Funny, but for over $8k, it doesn't have heated handgrips. Honda really needs to put this on this machine, plus their HSS line.

But, still seems like an awesome product. Wish I had about 10 driveways to use it on.


----------



## Toro-8-2-4 (Dec 28, 2013)

Those auger rakes look mean!


----------



## tabora (Mar 1, 2017)

HillnGullyRider said:


> obsolete


Not... Still the heavyweight contender in the US. Especially at that price... Vs new version:








Honda Power Equipment Hsm1336i Snow Blower SKU:HP5510163 Honda Power...


Nault's Windham Motorcycles Ask for: KEVIN SUTTER ☎ 60 Range Rd Windham, NH 03087 Enter this link to see more images plus all other inventory we have available: http://lyv.cc/TWQX7 Honda Power...



maine.craigslist.org


----------



## HillnGullyRider (Feb 9, 2014)

Too heavy, too much for all but maybe rural residential, and too slow for serious commercial where there are better options...Just my opinion.


----------



## tabora (Mar 1, 2017)

HillnGullyRider said:


> .Just my opinion.


And of course you've used one?


----------



## HillnGullyRider (Feb 9, 2014)

tabora said:


> And of course you've used one?


No, and I wouldn't even care to try one (unless perhaps I lived in Lake Tahoe, and needed to test drive.) I can tell by the vid's it's a tractor, and a slow one. There are better options that take up a similar footprint. Why is the owner selling it for a song? No more snow in his New England future? I'd wager he's looking to downsize


----------



## Toro-8-2-4 (Dec 28, 2013)

HillnGullyRider said:


> No, and I wouldn't even care to try one (unless perhaps I lived in Lake Tahoe, and needed to test drive.) I can tell by the vid's it's a tractor, and a slow one. There are better options that take up a similar footprint. Why is the owner selling it for a song? No more snow in his New England future? I'd wager he's looking to downsize


You don't have to wager, he openly said he is downsizing.

Tractor drives are not for everyone.


----------



## HillnGullyRider (Feb 9, 2014)

tabora said:


> Still the heavyweight contender in the US.
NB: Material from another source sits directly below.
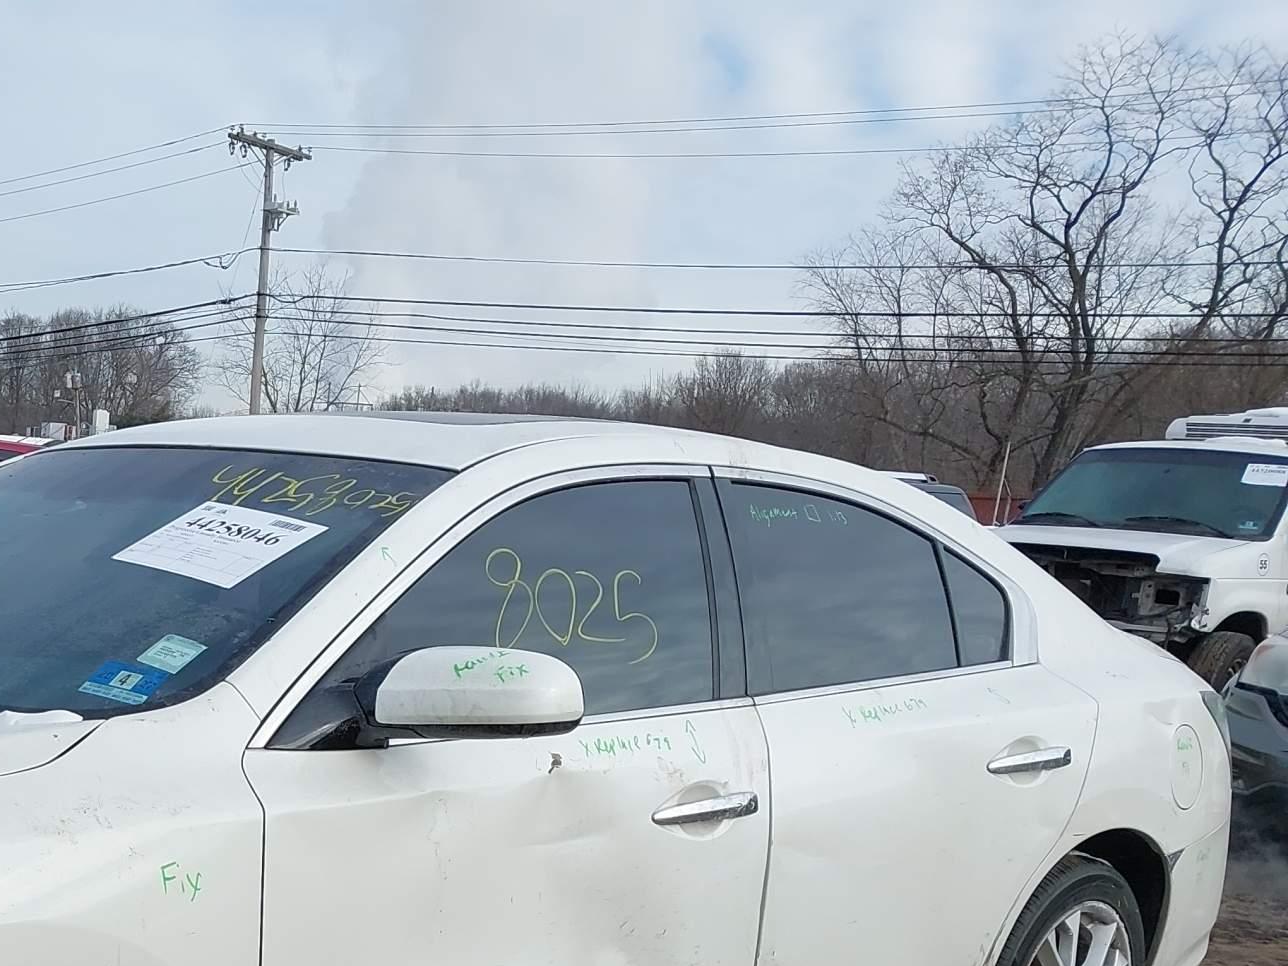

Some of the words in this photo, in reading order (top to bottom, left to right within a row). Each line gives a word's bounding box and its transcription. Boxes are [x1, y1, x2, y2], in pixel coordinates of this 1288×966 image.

[185, 516, 290, 546] 44258046
[485, 547, 659, 665] 8025
[118, 673, 132, 686] 4
Ever seen some SIMA convention vids? The commercial Manu's are coming out with downsize options all the time. You can already get standers where you can quick change bucket heads from the pilot controls. If you were being paid to remove serious snow behind the plow guys, would you want to trudge along behind that Honda for 8 hours, or jam along on one of these then use it for all your summer landscaping?


----------



## orangputeh (Nov 24, 2016)

HillnGullyRider said:


> Too heavy, too much for all but maybe rural residential, and too slow for serious commercial where there are better options...Just my opinion.


I agree. I dont think you are really getting a lot more for the money. Some ski areas have some of these up here and they are not much better than a new HSS1332. You can get 3 of those for one of these. 
I have a HS1132 with an impeller kit that I got for $500 that can do the same work.


----------



## drmerdp (Feb 9, 2014)

Its a tool for a specific purpose. It’s not always about getting down to pavement. For ski resorts the HS1336 has the benefit of lots of float and traction from the massive tracks. Plus the bucket tilts Side to side and up and down for grooming a very accurate surface.
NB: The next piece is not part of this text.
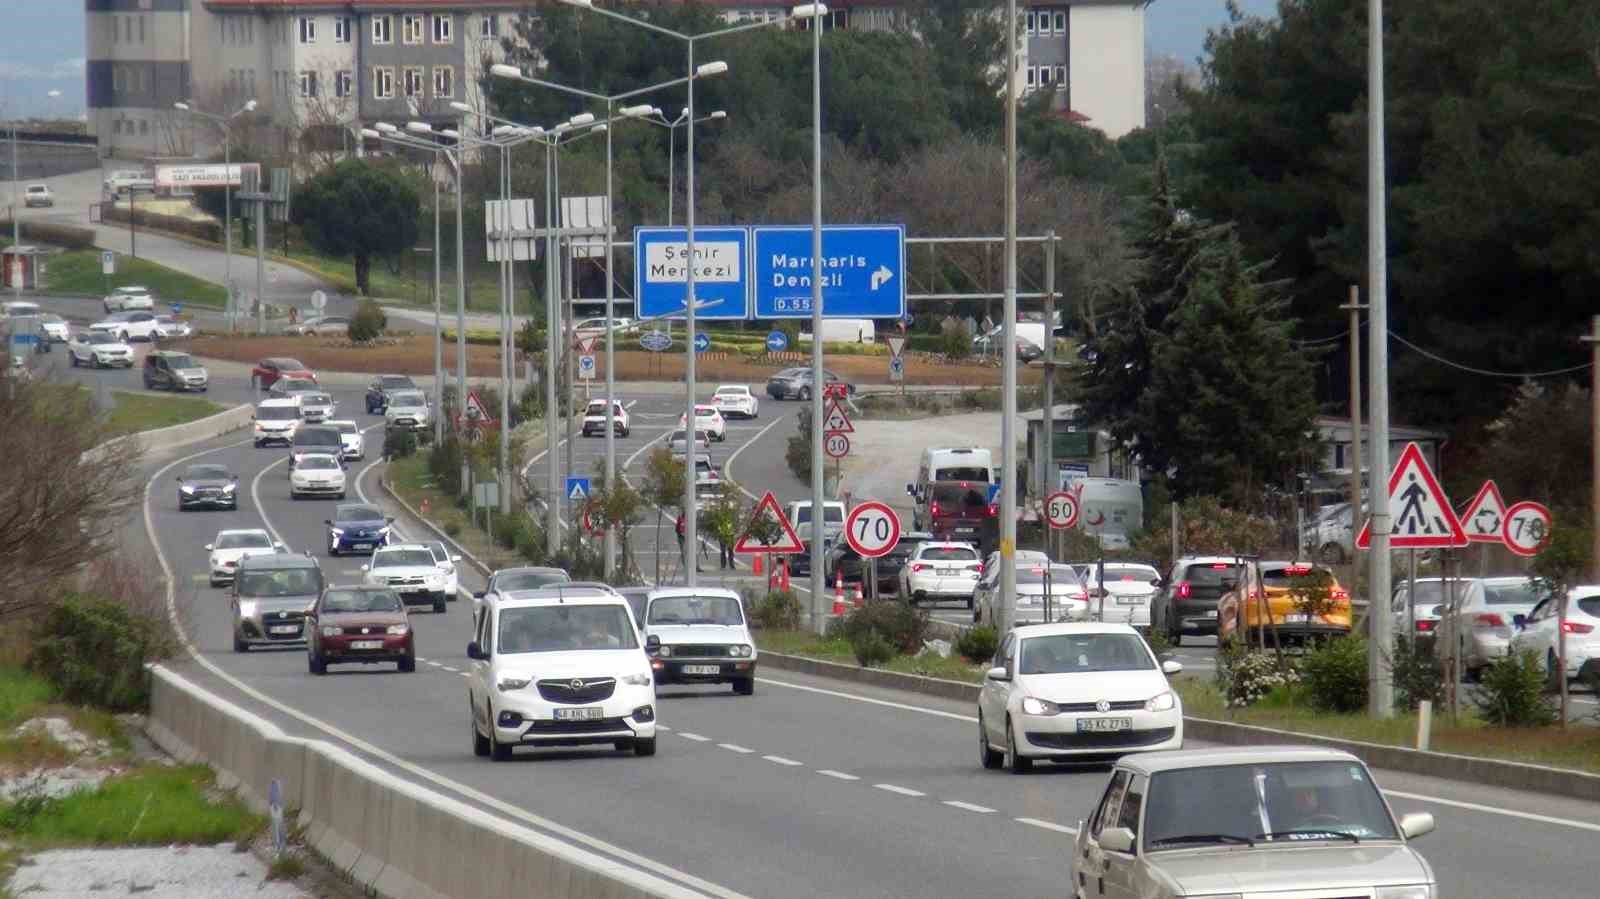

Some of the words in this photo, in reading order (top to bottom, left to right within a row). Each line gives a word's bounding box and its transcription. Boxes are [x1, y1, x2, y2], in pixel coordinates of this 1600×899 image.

The machine is VERY big. The fella from Massachusetts likely has some FU money to spend on a killer Honda and enjoyed for as long as it was practical.

That mammoth looks good. I’ve used the ventrac grandstand style machine, it was fun. Especially with the plow, fast and nimble. Had a few pucker moments but anything to keep it interesting slugging through snow for hours.


----------



## tabora (Mar 1, 2017)

HillnGullyRider said:


> The commercial Manu's


Of course, the Mammoth 850 tractor is $15K and wondering how much the snowblower attachments will add when they become available later in 2022...


----------



## HillnGullyRider (Feb 9, 2014)

tabora said:


> Of course, the Mammoth 850 tractor is $15K and wondering how much the snowblower attachments will add when they become available later in 2022...


If you're already spending 10K on something most homeowners would use less than a dozen times a year, then why not spend 15K on something far more flexible and profitable? You have to pay to play.


----------



## tabora (Mar 1, 2017)

HillnGullyRider said:


> If you're already spending 10K on something


Of course, in this case we're talking about $4500, so less than 20% of the projected cost of the Mammoth with snowblower, all in.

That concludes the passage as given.